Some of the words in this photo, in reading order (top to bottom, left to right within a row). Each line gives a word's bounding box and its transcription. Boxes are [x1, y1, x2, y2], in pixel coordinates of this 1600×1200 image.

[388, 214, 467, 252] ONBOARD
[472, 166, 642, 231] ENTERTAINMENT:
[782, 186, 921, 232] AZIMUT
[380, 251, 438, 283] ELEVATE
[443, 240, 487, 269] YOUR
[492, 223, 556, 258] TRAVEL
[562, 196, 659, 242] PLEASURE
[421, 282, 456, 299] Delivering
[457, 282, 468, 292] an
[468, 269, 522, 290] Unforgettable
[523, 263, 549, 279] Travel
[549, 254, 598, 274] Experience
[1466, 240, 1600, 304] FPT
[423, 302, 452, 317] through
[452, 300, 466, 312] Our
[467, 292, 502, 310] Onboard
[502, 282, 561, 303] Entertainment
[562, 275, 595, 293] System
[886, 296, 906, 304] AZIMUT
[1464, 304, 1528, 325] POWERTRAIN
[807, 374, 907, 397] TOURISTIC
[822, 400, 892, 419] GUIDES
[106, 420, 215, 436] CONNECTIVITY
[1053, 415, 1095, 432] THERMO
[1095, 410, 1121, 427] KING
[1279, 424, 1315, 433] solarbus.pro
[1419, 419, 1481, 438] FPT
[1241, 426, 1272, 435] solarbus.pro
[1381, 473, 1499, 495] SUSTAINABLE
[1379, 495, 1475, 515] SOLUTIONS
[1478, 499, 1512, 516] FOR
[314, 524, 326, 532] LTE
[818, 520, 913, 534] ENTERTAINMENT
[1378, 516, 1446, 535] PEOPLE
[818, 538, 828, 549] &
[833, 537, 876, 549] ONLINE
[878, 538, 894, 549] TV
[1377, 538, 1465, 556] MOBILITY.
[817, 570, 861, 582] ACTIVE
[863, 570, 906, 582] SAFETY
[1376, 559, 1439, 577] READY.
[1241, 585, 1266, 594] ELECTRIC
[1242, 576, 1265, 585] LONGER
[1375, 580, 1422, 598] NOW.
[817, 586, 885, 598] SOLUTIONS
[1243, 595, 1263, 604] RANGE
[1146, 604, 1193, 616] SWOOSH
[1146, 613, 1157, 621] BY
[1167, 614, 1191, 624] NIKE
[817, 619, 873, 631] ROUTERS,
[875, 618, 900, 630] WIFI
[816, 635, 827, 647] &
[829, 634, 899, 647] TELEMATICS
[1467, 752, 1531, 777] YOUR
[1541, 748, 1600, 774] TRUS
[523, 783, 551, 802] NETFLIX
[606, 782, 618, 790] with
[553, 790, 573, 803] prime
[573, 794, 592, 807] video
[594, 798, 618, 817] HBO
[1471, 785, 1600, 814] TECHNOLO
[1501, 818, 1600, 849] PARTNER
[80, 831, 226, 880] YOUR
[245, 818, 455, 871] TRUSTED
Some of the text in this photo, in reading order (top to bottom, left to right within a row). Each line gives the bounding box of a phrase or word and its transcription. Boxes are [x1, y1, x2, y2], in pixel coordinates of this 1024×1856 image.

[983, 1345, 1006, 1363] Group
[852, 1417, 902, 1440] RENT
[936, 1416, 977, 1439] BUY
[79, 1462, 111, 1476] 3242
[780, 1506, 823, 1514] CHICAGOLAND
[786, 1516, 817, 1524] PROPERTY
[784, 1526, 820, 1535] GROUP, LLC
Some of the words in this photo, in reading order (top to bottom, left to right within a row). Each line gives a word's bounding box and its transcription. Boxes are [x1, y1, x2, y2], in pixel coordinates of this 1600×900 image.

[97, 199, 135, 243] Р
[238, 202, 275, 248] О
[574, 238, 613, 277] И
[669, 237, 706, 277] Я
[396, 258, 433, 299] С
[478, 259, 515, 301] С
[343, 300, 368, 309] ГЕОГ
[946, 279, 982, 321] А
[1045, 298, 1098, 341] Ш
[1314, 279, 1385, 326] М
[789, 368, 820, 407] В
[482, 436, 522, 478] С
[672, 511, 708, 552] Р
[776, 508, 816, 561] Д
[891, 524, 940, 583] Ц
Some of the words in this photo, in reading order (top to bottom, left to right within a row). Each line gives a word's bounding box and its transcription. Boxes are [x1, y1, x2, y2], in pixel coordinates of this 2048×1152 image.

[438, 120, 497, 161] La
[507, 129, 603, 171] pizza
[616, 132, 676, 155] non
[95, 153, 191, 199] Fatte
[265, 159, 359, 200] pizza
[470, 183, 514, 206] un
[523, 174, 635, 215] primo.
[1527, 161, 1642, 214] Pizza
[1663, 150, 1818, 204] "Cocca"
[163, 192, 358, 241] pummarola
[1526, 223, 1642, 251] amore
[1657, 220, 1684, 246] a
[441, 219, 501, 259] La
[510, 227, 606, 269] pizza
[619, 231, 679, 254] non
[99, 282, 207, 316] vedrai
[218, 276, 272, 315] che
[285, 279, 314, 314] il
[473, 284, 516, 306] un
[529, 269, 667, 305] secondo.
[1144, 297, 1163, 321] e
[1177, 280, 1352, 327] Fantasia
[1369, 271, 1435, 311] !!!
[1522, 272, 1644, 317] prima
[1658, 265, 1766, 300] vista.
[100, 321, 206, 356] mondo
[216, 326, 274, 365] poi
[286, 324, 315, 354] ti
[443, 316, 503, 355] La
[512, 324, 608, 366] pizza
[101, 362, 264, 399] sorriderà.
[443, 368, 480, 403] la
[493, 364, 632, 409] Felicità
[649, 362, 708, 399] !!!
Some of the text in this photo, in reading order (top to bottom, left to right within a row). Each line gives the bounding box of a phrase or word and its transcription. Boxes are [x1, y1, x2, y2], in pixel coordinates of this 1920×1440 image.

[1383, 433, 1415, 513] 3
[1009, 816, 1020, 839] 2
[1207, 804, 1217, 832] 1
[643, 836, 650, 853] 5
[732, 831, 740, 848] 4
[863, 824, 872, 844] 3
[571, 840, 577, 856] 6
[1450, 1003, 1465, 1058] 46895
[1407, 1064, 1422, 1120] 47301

■ ■ ■ ■ ■ ■ ■

# WHAT TO WORK ON
The answer must be the lines from the one containing "this 1920×1440 image." through the last line of the records, written out exactly; please include nothing more.

# ANSWER SPACE
Some of the text in this photo, in reading order (top to bottom, left to right within a row). Each line gives the bounding box of a phrase or word and its transcription. Boxes are [x1, y1, x2, y2], in pixel coordinates of this 1920×1440 image.

[1383, 433, 1415, 513] 3
[1009, 816, 1020, 839] 2
[1207, 804, 1217, 832] 1
[643, 836, 650, 853] 5
[732, 831, 740, 848] 4
[863, 824, 872, 844] 3
[571, 840, 577, 856] 6
[1450, 1003, 1465, 1058] 46895
[1407, 1064, 1422, 1120] 47301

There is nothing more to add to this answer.